The square root by its name can give some hints about what it is related to. Square is the process related to the multiplication of a single number again to the same number to obtain a different number. The root is the opposite of squaring. We multiply the number with itself to find the square of that number, however, to find the root of any number is the opposite process, we reverse the process to find the number that is the root of the number. We will learn both these mathematical terms in depth later in this article. The square root is a vital method that is involved in a majority of mathematics problems now and then. You’ll be aware of how to find square root? and even answer basic questions like what is the square root of 4?
What Is Square Root?
The square root is a combined method made from two different methods one is square and the other is root. Square is the process related to the multiplication of a single number again to the same number to obtain a different number. The root is the opposite of squaring. We multiply the number with itself to find the square of that number, however, to find the root of any number is the opposite process, we reverse the process to find the number that is the root of the number.
To understand better,
The Square of the number 6 means, if we multiply 6 by another 6, then the number we will get is called the square value of 6.
6 * 6 = 36.
Hence, we can say that 36 is the square value of a number called 6.
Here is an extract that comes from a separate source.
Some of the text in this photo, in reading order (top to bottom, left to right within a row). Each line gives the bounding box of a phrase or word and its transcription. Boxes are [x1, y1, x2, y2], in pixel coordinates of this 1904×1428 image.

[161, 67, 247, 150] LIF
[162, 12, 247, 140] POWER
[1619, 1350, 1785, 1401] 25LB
One thing you should notice here is that the square value of any number is always going to be a positive number.
Similarly, every number comprises two square roots. To understand better,
The square root of the number 36 means that we have to find a number that has been multiplied twice to get 36. From the above example, we can clearly notice that 6 is the number because of which we received 36 when we squared.
Hence, we can say that 6 is the square root value of 36.
Square Root Definition
The square root of a number is calculated for a number (let’s say a) when we keep a as the base number and put (½) as the exponential degree on the base number which is 2 here.
Square root of a = (a)½
A square root can also be elaborated in a very unique way like this. A square root is an identity that is not a number because it is [√_], but when this identity is multiplied with the same identity, it gives out a number as its multiplication product.
For example, √3 * √3 = 3.
How to Find Square Root?
Finding the square root of any number becomes extra easy if that number is a perfect square. A perfect square is only subjected to those numbers that can be expressed in the format of a base number with the degree 2.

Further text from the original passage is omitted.